▶ [YOUR OBJECTIVE]:
This exercise asks for the entries to be repeated exactly, without their images.

▶ [THE DATA]:

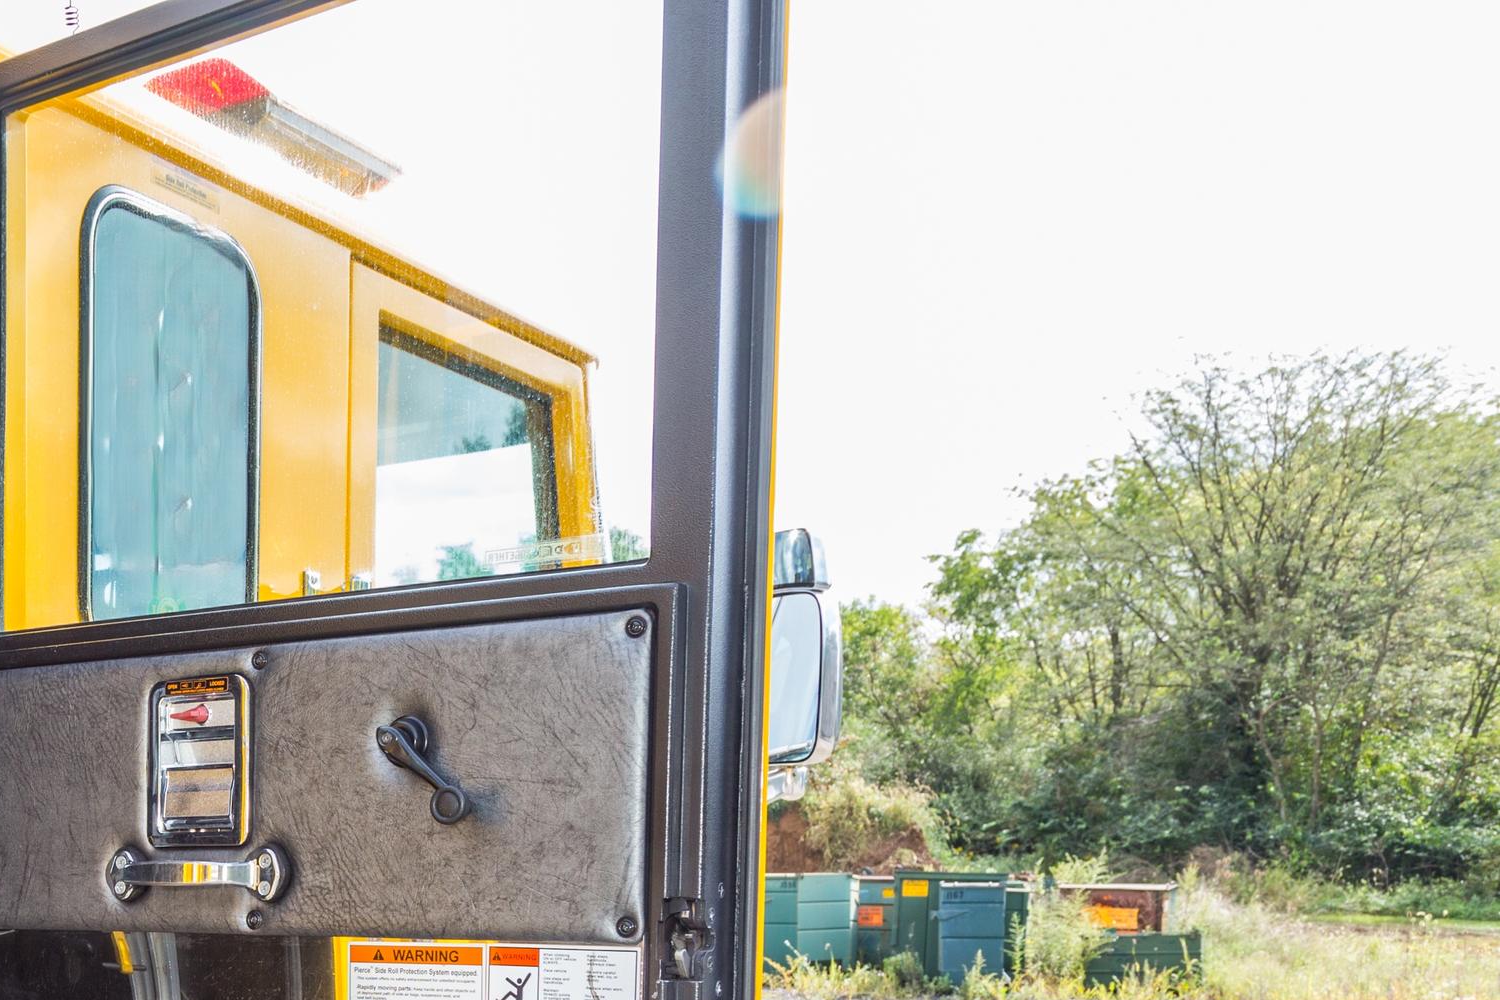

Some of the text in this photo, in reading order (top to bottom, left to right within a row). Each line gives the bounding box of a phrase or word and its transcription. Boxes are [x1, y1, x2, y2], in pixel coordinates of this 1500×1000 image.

[392, 949, 459, 963] WARNING
[501, 953, 537, 961] WARNING
[388, 967, 399, 975] Roll
[399, 968, 428, 976] Protection
[429, 969, 450, 977] System
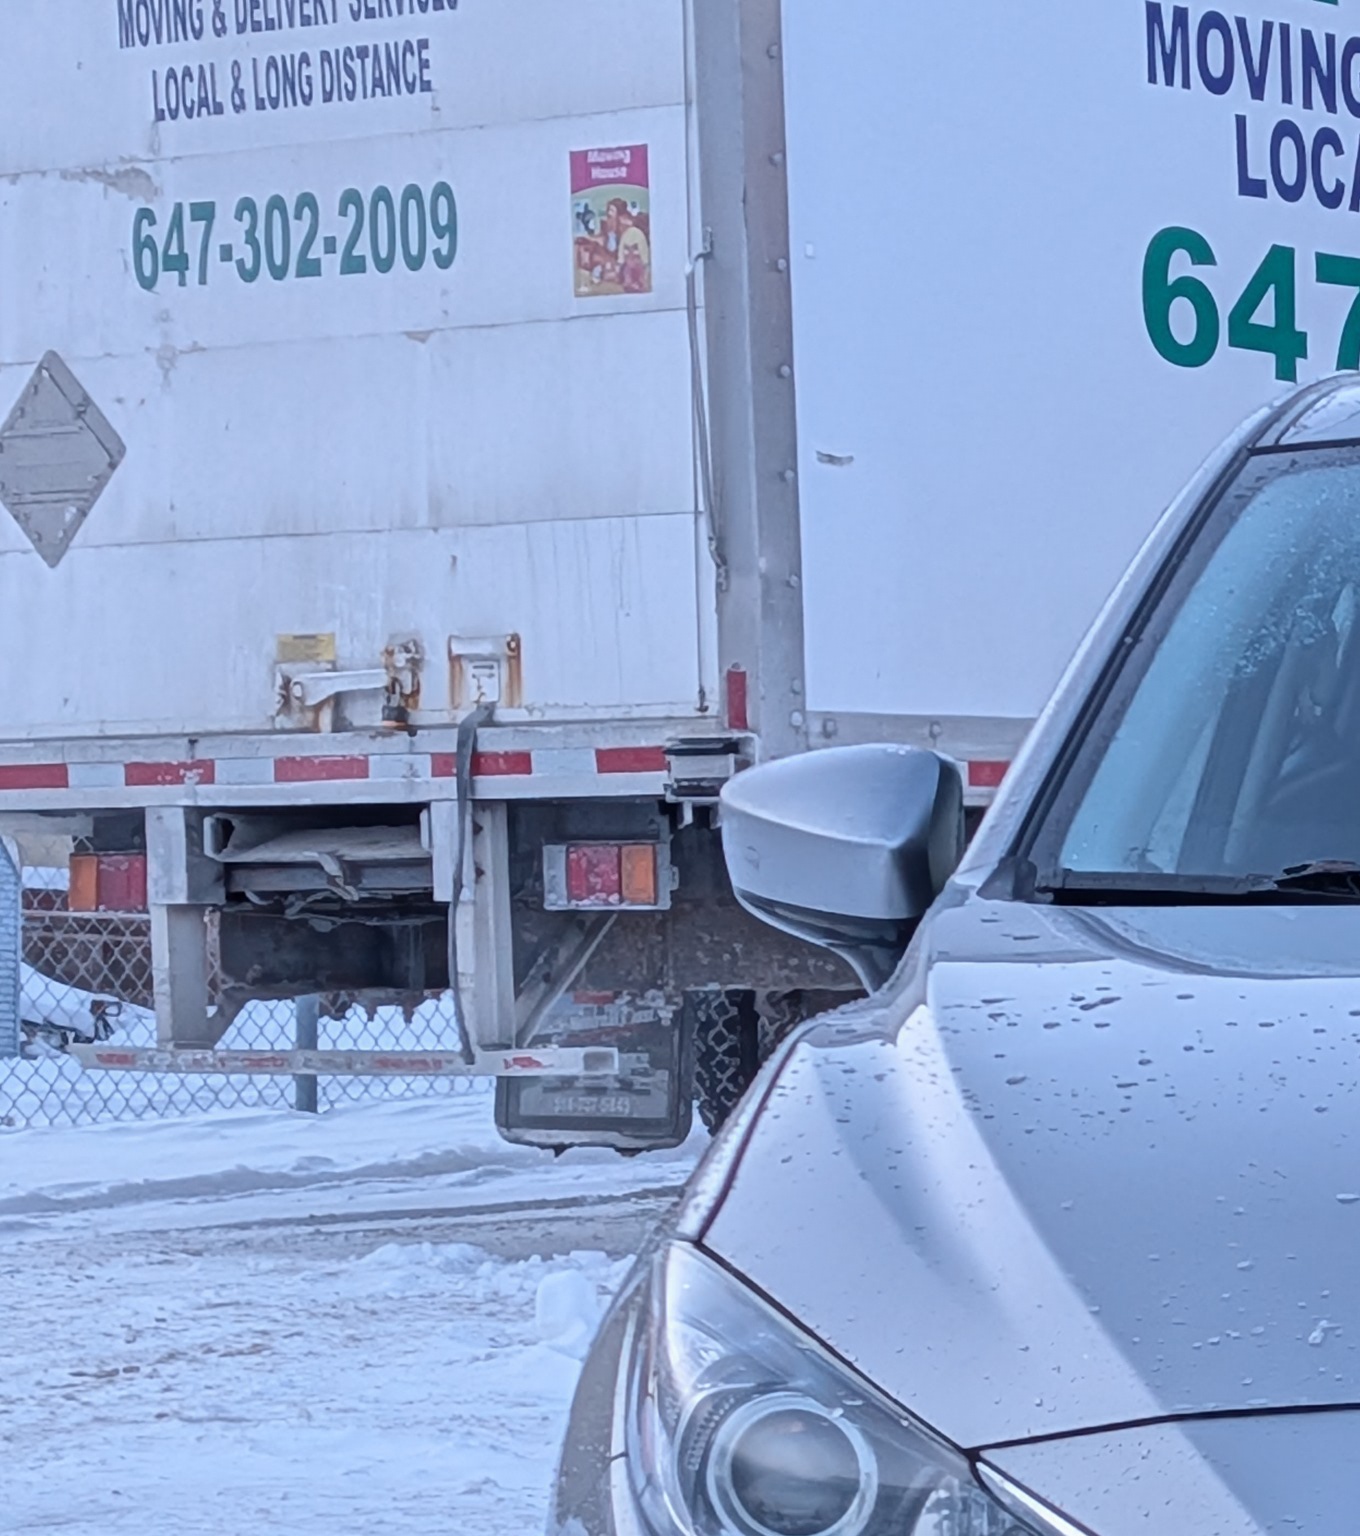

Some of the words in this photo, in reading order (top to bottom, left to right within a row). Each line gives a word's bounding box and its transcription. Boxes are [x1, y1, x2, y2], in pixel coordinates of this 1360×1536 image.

▶ [TASK ANSWER]:
Some of the text in this photo, in reading order (top to bottom, left to right within a row). Each line gives the bounding box of a phrase or word and its transcription. Boxes are [x1, y1, x2, y2], in pixel coordinates of this 1500×1000 image.

[392, 949, 459, 963] WARNING
[501, 953, 537, 961] WARNING
[388, 967, 399, 975] Roll
[399, 968, 428, 976] Protection
[429, 969, 450, 977] System

Some of the words in this photo, in reading order (top to bottom, left to right within a row). Each line gives a word's bounding box and its transcription. Boxes are [x1, y1, x2, y2], in pixel coordinates of this 1360×1536 image.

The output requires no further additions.